Они уже сели в машину.
— Послушай! — сказал Хрусталев. — Это очень непросто. Я сам до конца еще не разобрался.
Сейчас он начал, кажется, «разбираться», и ярость его нарастала от этого. Где она может быть? В гримерной, конечно. Он рывком распахнул дверь в гримерную, увидел Марьяну, над которой колдовала пышечка Лида со своими белоснежными, вытравленными перекисью, кудряшками.
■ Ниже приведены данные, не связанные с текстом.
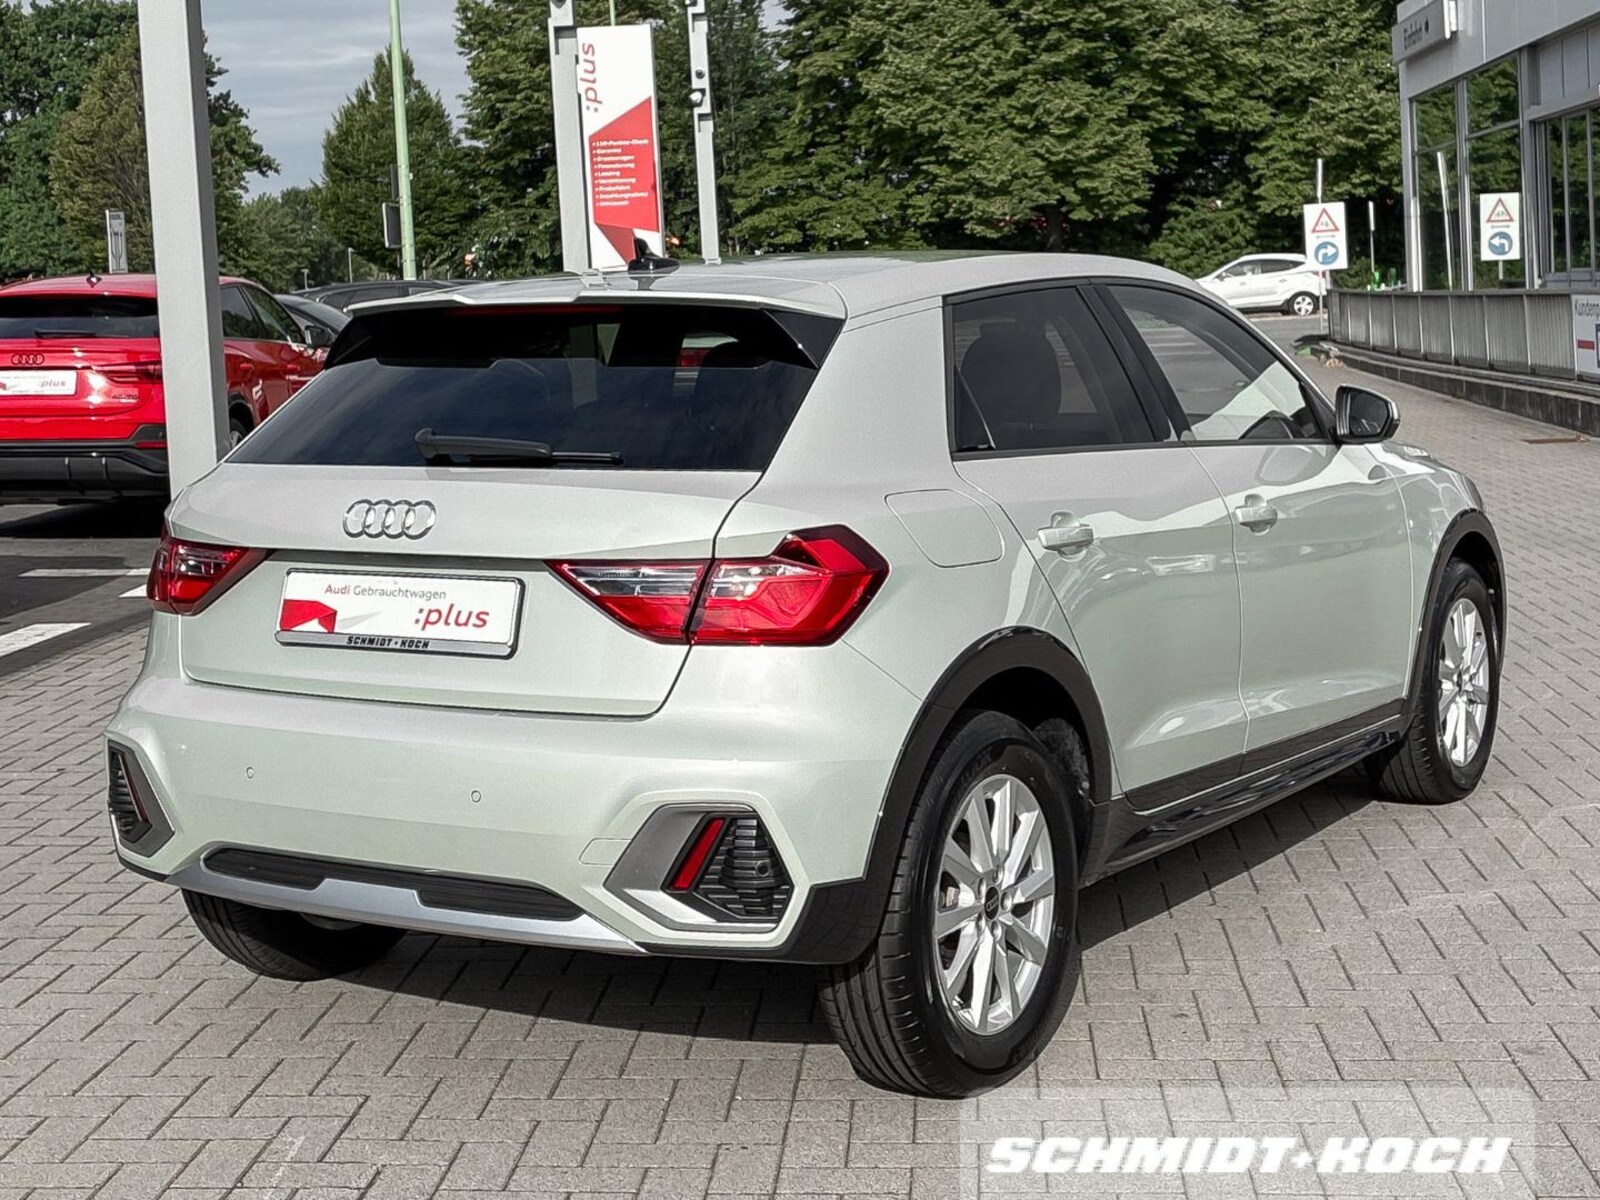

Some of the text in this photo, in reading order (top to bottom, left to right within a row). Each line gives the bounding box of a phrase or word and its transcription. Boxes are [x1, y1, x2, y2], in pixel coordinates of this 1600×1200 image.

[325, 584, 447, 600] Audi Gebrauchtwagen
[414, 603, 490, 632] :plus
— Сейчас вот припудрим маленько, и все, — приговаривала Лида, толстыми розовыми пальчиками бегая по Марьяниному лицу. — А щечки мы трогать не будем. Пускай и останутся так. Натуральненько.
— Лидочек! — сказал Хрусталев. — Тебя уже час ждет Регина!
— Она меня ждет? А зачем, не сказала?
— Не знаю, не знаю. В «стекляшку» пошла, найдешь ее там. Но давай побыстрее!
— Вы тут посидите. Мы, в общем, закончили, — сказала гримерша Марьяне и скрылась.
— Ты знаешь, меня пригласили на пробы… — сказала она, опуская глаза.
— Ах, вот как! И кто же тебя пригласил?
— Один режиссер, Егор Мячин.
— Приятель?
— Нет, я с ним почти не знакома. Вернее сказать, я знакома, конечно, но он дружит с Санчей, бывает у нас. А ты его знаешь?
— Да, я его знаю. Поскольку кино я снимаю с ним вместе.
Она даже рот приоткрыла:
— Ты с Мячиным?
— А что тут такого? Я с Мячиным. Да.
— Наверное, тебе неприятно, что я… Что, если они меня вдруг утвердят…
— Какое мне дело? Я не режиссер. Но только учти: то, что я тебя «знаю», — и он усмехнулся, — об этом ни слова.
— Боишься, что я помешаю тебе?
— Запомни, что я ничего не боюсь.
— Ты правда решил, что нам лучше расстаться?
Он окинул ее всю злыми и жадными глазами. Егор Мячин прав, что таких не бывает.
— Не знаю. Я этого не говорил.
Конечно же, он говорил, но неважно.
— Можно, я позвоню? — спросила она.
— Сегодня? Да, можно. Звони, буду ждать.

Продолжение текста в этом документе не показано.